Skip to content

parquet: panic-on-decode DoS from unchecked Thrift list size in read_thrift_vec (and broader thrift parser hardening) #9874

@masumi-ryugo

Description

@masumi-ryugo

Describe the bug

parquet::parquet_thrift::read_thrift_vec reads a Thrift compact-protocol list header and then calls Vec::with_capacity(list_ident.size as usize), where list_ident.size is a 32-bit varint pulled directly from attacker-controlled bytes. With a malformed input, the value can be close to i32::MAX; after the per-element-size multiplication this becomes a multi-GB to multi-hundred-GB allocation request, which panics in alloc::raw_vec::handle_error with capacity overflow (or OOM-kills the process on smaller-but-still-huge values) before any element is decoded.

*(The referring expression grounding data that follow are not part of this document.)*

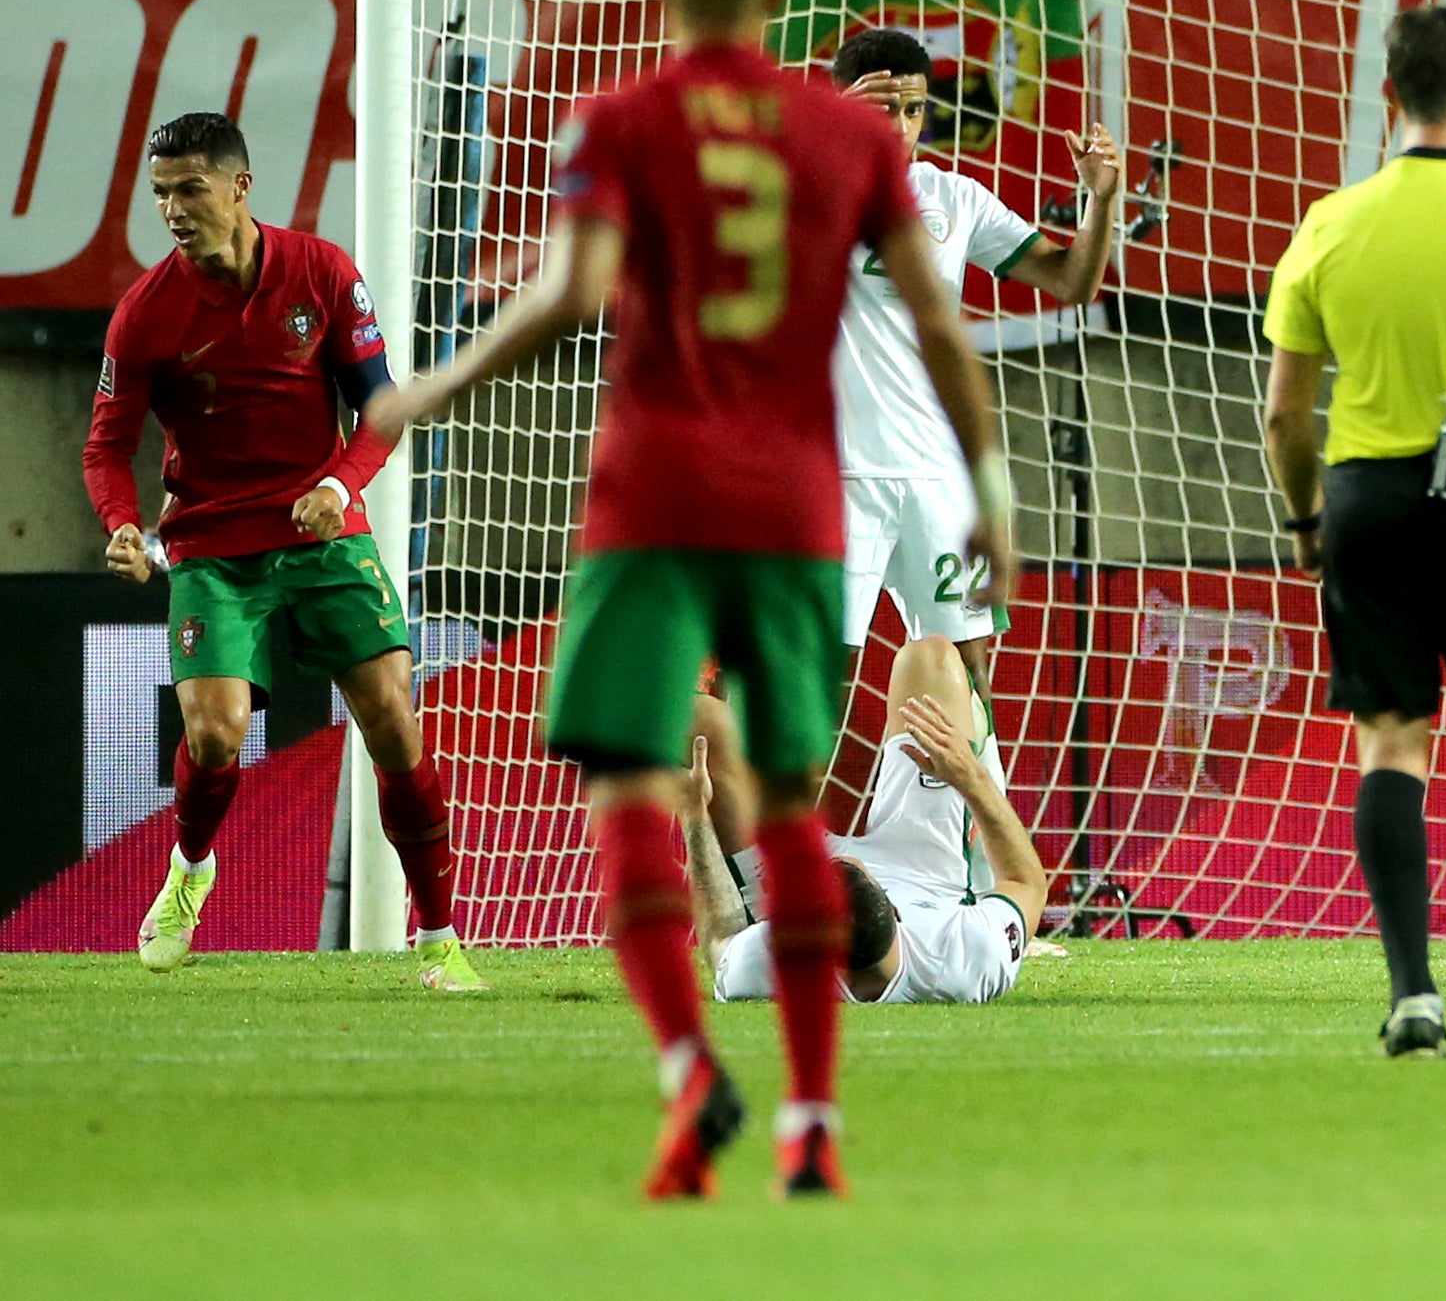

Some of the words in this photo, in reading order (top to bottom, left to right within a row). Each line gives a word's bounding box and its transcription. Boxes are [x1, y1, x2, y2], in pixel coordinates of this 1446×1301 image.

[698, 139, 788, 342] 3
[358, 558, 391, 604] 7
[934, 552, 989, 603] 22
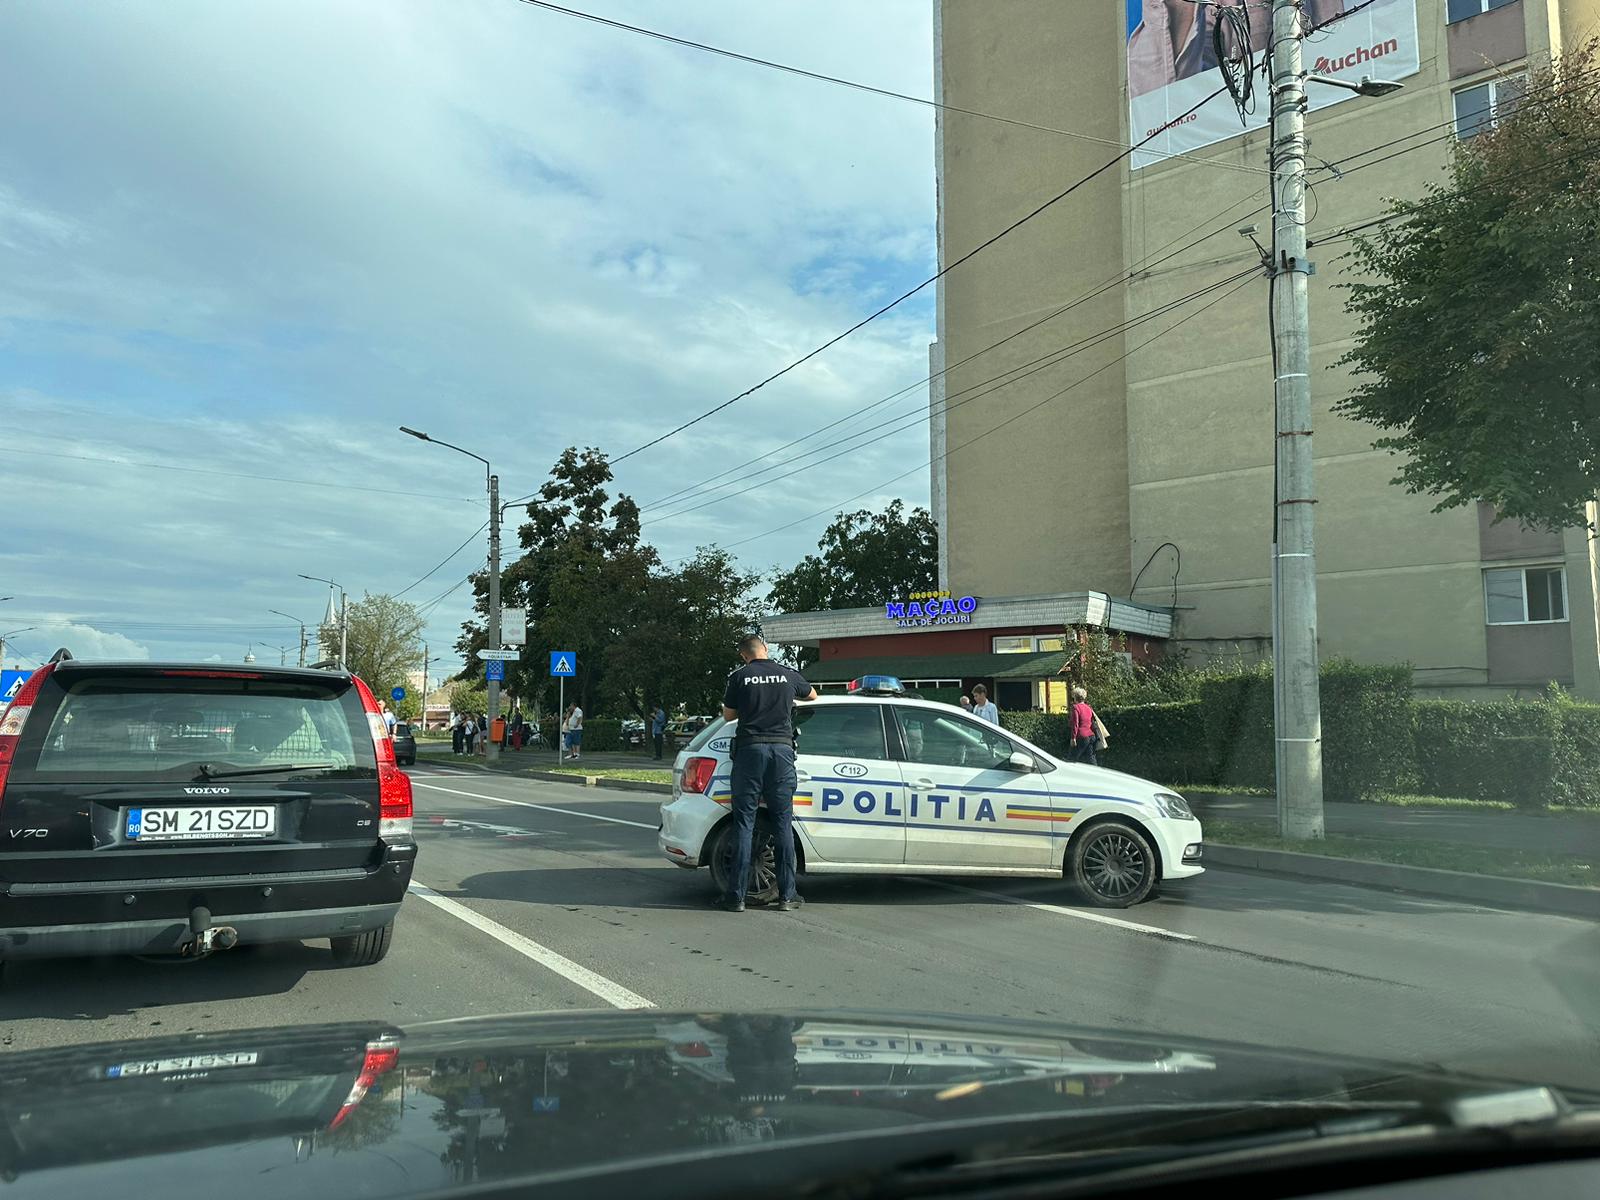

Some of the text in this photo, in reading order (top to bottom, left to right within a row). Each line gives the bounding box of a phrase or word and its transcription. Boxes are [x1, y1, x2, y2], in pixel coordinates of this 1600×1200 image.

[1314, 39, 1397, 74] Auchan
[1146, 113, 1197, 137] auchan.ro
[896, 615, 971, 628] SALA DE JOCURI
[744, 675, 788, 685] POLITIA
[848, 765, 861, 775] 112
[184, 787, 230, 795] VOLVO
[822, 788, 996, 823] POLITIA
[129, 809, 269, 832] RO SM 21 SZD
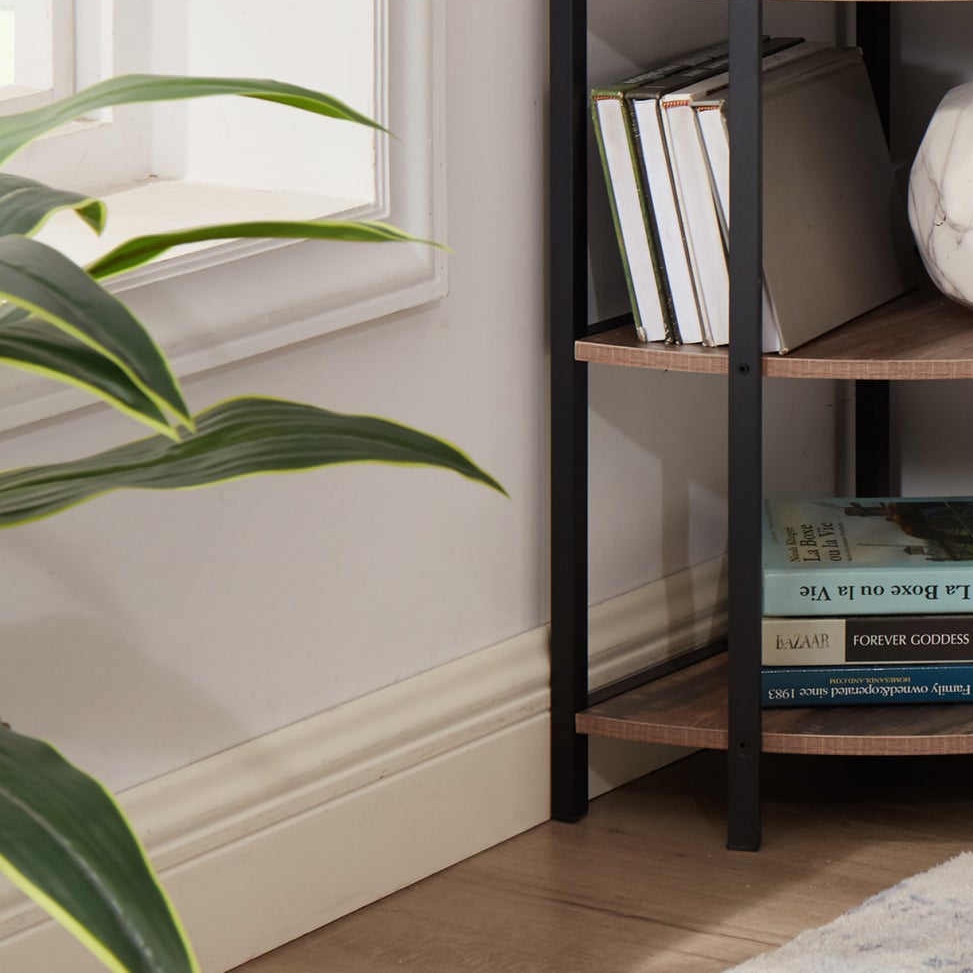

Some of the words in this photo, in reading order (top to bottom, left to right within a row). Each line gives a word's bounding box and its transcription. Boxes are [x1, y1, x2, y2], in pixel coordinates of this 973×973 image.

[786, 526, 798, 546] Klieger
[800, 524, 817, 547] Boxe
[819, 522, 833, 538] Vie
[823, 539, 839, 549] la
[790, 546, 801, 562] Noah
[803, 549, 821, 562] La
[829, 549, 842, 562] ou
[799, 586, 833, 602] Vie
[837, 586, 855, 602] la
[860, 585, 886, 597] ou
[891, 585, 938, 601] Boxe
[945, 585, 971, 600] La
[775, 633, 830, 650] BAZAAR
[853, 634, 907, 646] FOREVER
[910, 633, 970, 645] GODDESS
[768, 688, 796, 700] 1983
[799, 687, 828, 698] since
[831, 683, 929, 698] owned&operated
[930, 682, 971, 696] Family
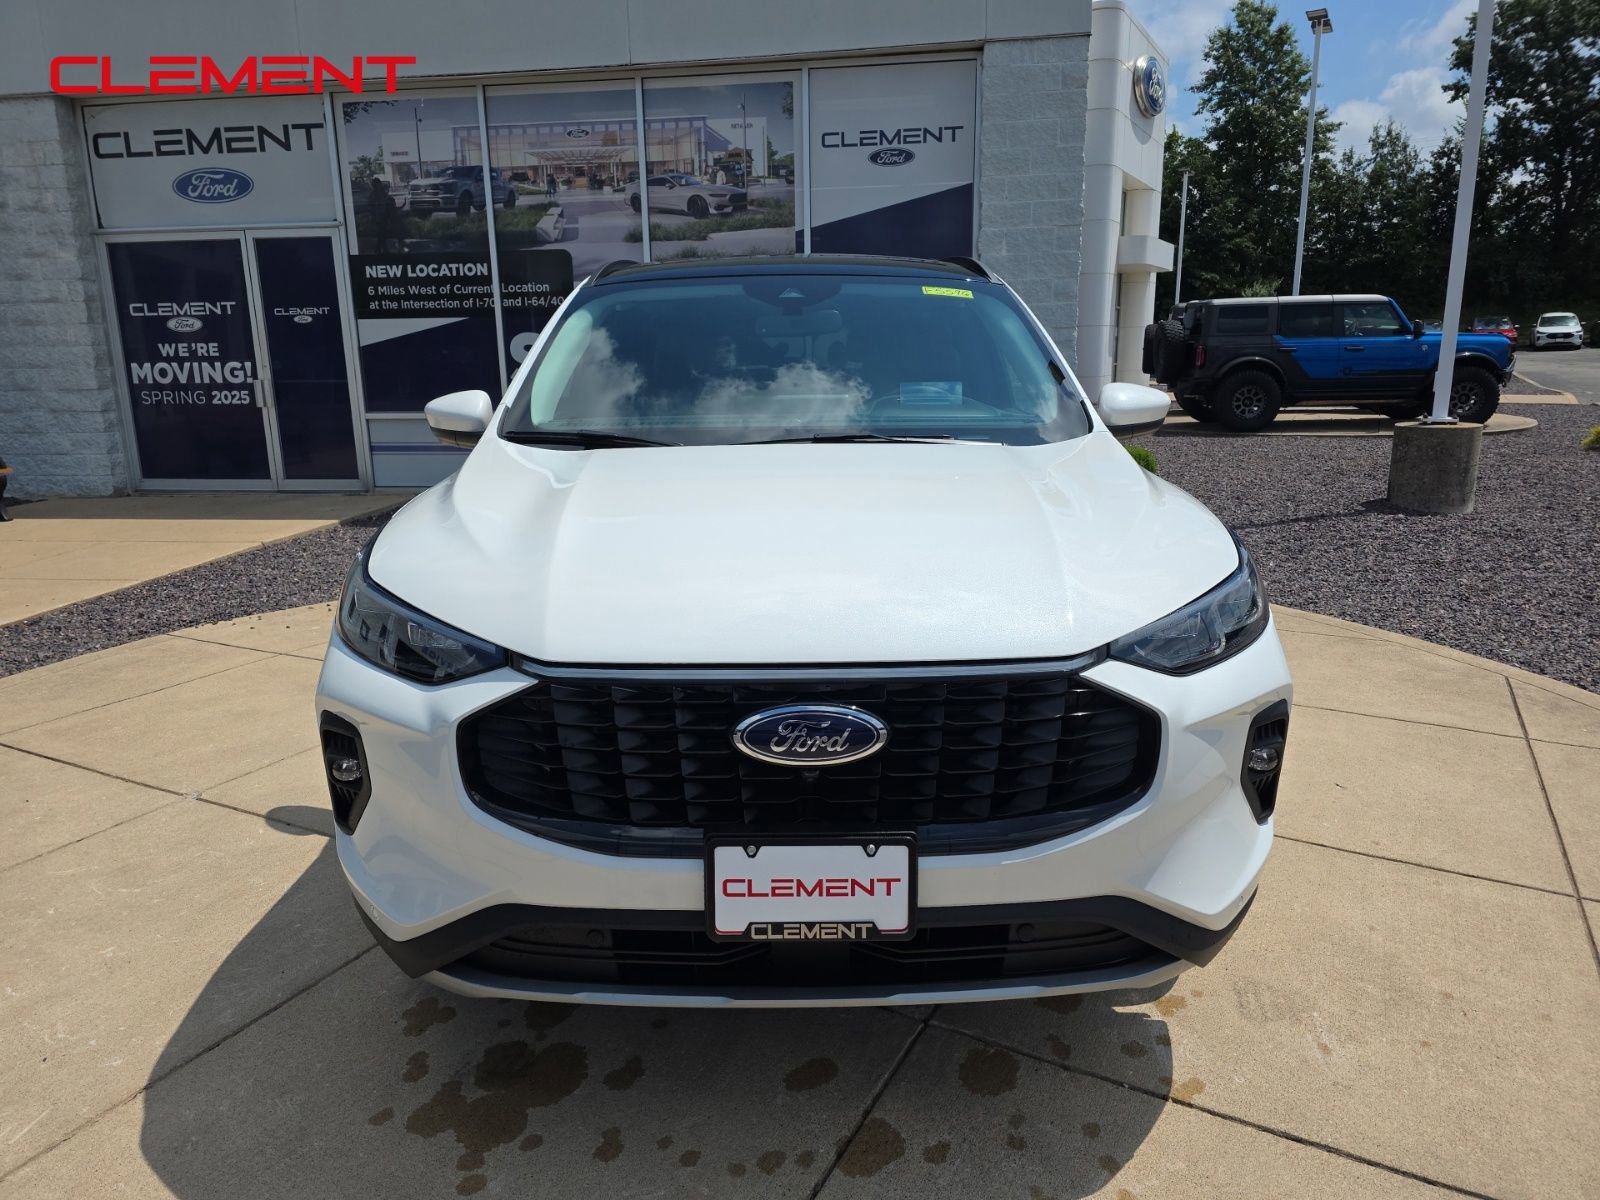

Every public sync metadata entry point funnels through this function:

  • ParquetMetaDataReader::parse_and_finish
  • ParquetMetaDataReader::decode_metadata
  • SerializedFileReader::new
  • ParquetRecordBatchReaderBuilder::try_new
  • the async_reader family (re-exports decode_metadata after prefetching footer bytes)

So any downstream code that hands attacker-controlled bytes to a parquet reader gets a panic-on-decode DoS.

Per SECURITY.md this is a bug, not a vulnerability — there is no information disclosure or RCE path, only availability — but it is reachable from every metadata entry point, so it is worth tracking and closing properly.

To Reproduce

10 bytes:

0x28 0xfc 0xfc 0xfc 0xfc 0xfc 0xfc 0xfc 0xfc 0x51
let bytes: &[u8] = &[0x28, 0xfc, 0xfc, 0xfc, 0xfc, 0xfc, 0xfc, 0xfc, 0xfc, 0x51];
let _ = parquet::file::metadata::ParquetMetaDataReader::decode_metadata(bytes);

Output (with RUST_BACKTRACE=1):

panicked at library/alloc/src/raw_vec/mod.rs:28:5: capacity overflow
   3: alloc::raw_vec::handle_error
   4: alloc::raw_vec::with_capacity_in
   7: alloc::vec::Vec::with_capacity::<SchemaElement>
   8: parquet::parquet_thrift::read_thrift_vec       (parquet_thrift.rs:690)
   9: parquet::file::metadata::thrift::parquet_metadata_from_bytes
                                                     (thrift/mod.rs:790)
  10: parquet::file::metadata::parser::decode_metadata (parser.rs:233)
  13: ParquetMetaDataReader::decode_footer_metadata   (reader.rs:783)
  14: ParquetMetaDataReader::parse_metadata           (reader.rs:585)
  17: ParquetMetaDataReader::parse_and_finish         (reader.rs:230)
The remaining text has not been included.